[TASK INPUT]
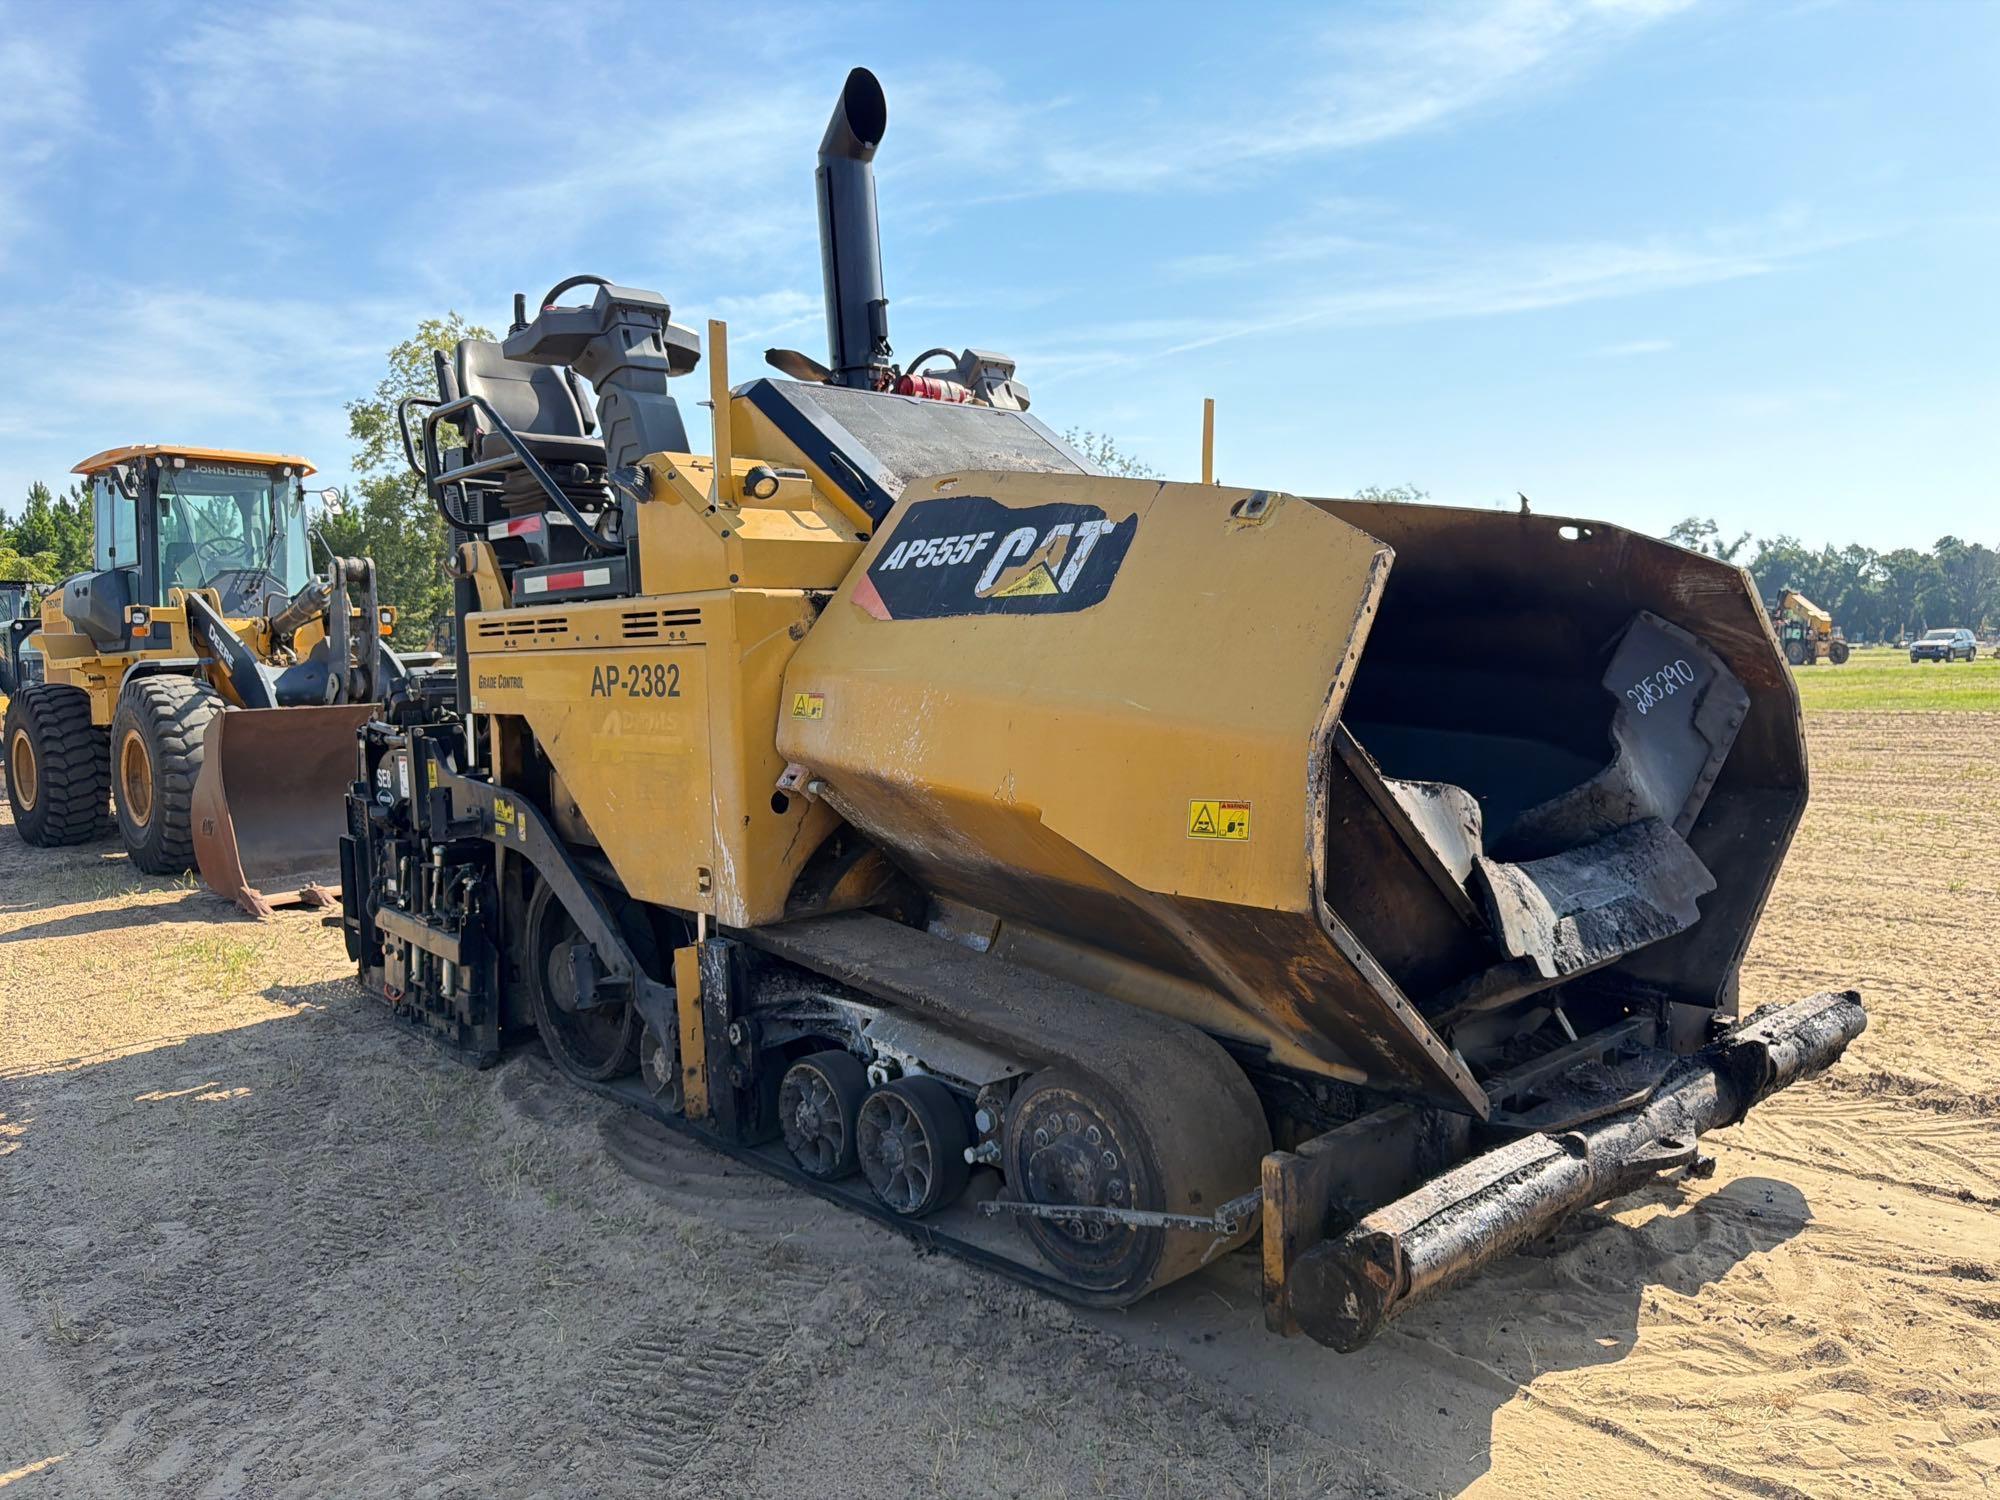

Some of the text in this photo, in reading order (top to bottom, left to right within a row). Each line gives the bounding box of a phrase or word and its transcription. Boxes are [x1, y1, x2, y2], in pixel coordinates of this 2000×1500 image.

[192, 464, 270, 479] JOHN DEERE
[879, 531, 995, 571] AP555F
[208, 623, 235, 671] DEERE
[591, 663, 681, 697] AP-2382
[/TASK INPUT]
▶ REQUIRED WORK
Exactly as they appear above, print all the lines, but not the pictures.

▶ OUTPUT BELOW
Some of the text in this photo, in reading order (top to bottom, left to right within a row). Each line gives the bounding box of a phrase or word and its transcription. Boxes are [x1, y1, x2, y2], in pixel coordinates of this 2000×1500 image.

[192, 464, 270, 479] JOHN DEERE
[879, 531, 995, 571] AP555F
[208, 623, 235, 671] DEERE
[591, 663, 681, 697] AP-2382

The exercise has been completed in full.